Re: [Ganglia-developers] gmetad and rrdtool scalability

2009-12-13 Thread Vladimir Vuksan
I think you guys are complicating much :-). Can't you simply have multiple 
gmetads in different sites poll a single gmond. That way if one gmetad 
fails data is still available and updated on the other gmetads. That is 
what we used to do.

Vladimir

On Sun, 13 Dec 2009, Spike Spiegel wrote:

> indeed, os resources usage for caching should be tightly controlled.
> RRD does a pretty good job at that, and for example I know people that
> use collectd (which supports multiple output streams) and send data
> both remotely and keep a local copy with different retention policies
> to solve that problem.
>
>> This would be addressed by the use of SAN - there would only be one RRD
>> file, and the gmetad servers would need to be in some agreement so that they
>> both don't try to write the same file at the same time.
>
> sure, but even with a SAN you'd have to add some intelligence to
> gmetad, which from my pov is more than half of the work needed to
> achieve gmetad reliability and redundancy while keeping it's current
> distributed design.

--
Return on Information:
Google Enterprise Search pays you back
Get the facts.
http://p.sf.net/sfu/google-dev2dev
___
Ganglia-developers mailing list
Ganglia-developers@lists.sourceforge.net
https://lists.sourceforge.net/lists/listinfo/ganglia-developers


Re: [Ganglia-developers] gmetad and rrdtool scalability

2009-12-13 Thread Spike Spiegel
On Fri, Dec 11, 2009 at 1:34 PM, Daniel Pocock  wrote:
> Thanks for sharing this - could you comment on the total number of RRDs per
> gmetad, and do you use rrdcached?

the largest colo has 140175 rrds and we use the tmpfs + cron hack, no rrdcached.

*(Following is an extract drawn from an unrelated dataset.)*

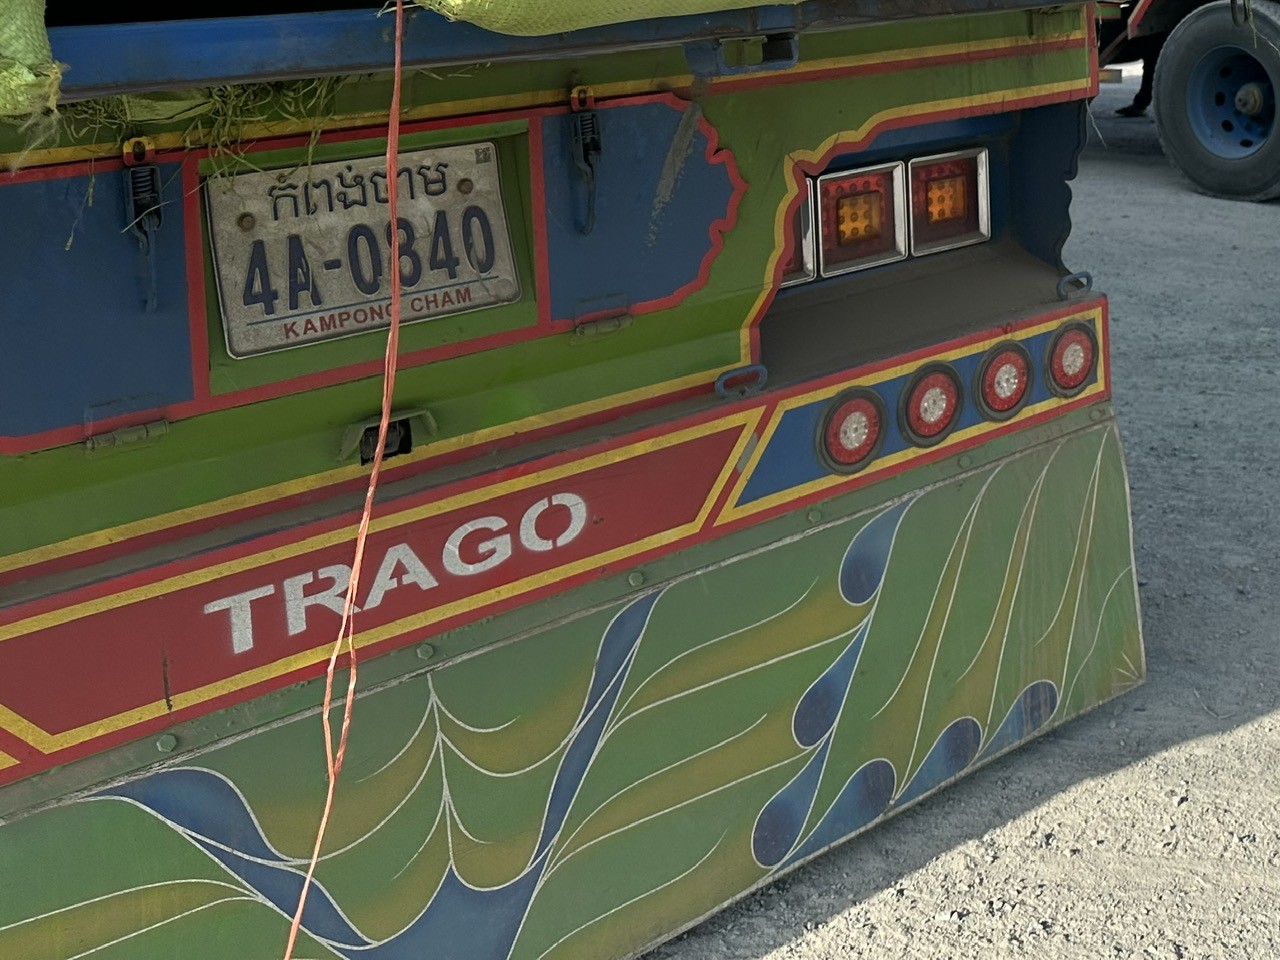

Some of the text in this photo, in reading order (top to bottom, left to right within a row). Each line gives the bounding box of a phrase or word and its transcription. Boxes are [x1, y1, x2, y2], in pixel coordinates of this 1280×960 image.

> I was thinking about gmetads attached to the same SAN, not a remote FS over
> IP.  In a SAN, each gmetad has a physical path to the disk (over fibre
> channel) and there are some filesystems (e.g. GFS) and locking systems (DLM)
> that would allow concurrent access to the raw devices.  If two gmetads mount
> the filesystem concurrently, you could tell one gmetad `stop monitoring
> cluster A, sync the RRDs' and then tell the other gmetad to start monitoring
> cluster A.
>
> DLM is quite a heavyweight locking system (cluster manager and heartbeat
> system required), some enterprises have solutions like Apache Zookeeper
> (Google has one called Chubby) and they can potentially allow the gmetad
> servers to agree on who is polling each cluster.

I see, and while I'm sure this solution works for many people and
might be popular in HPC environments I'm not really keen it's
something we'd want to go with ourselves, we tend to stick to "share
nothing" design which I realize has cons too, but as always it's a
matter of tradeoffs and even an implementation of paxos like chubby is
no silver bullet.

The other thing is of course costs. SANs aren't free and if I'm a
small gig, but for some reasons I actually have a clue and recognize
the importance of instrumenting everything, I wouldn't want to be
forced to having to add shared storage for the purpose of not losing
data.

>> I see two possible solutions:
>> 1. client caching
>> 2. built-in sync feature
>>
>> In 1. gmond would cache data locally if it could not contact the
>> remote end. This imho is the best solution because it helps not only
>> with head failures and maintenance, but possibly addresses a whole
>> bunch of other failure modes too.
>>
>
> The problem with that is that the XML is just a snapshot.  Maybe the XML
> could contain multiple values for each metric, e.g. all values since the
> last poll?  There would need to be some way of limiting memory usage too, so
> that an agent doesn't kill the machine if nothing is polling it.

indeed, os resources usage for caching should be tightly controlled.
RRD does a pretty good job at that, and for example I know people that
use collectd (which supports multiple output streams) and send data
both remotely and keep a local copy with different retention policies
to solve that problem.

> This would be addressed by the use of SAN - there would only be one RRD
> file, and the gmetad servers would need to be in some agreement so that they
> both don't try to write the same file at the same time.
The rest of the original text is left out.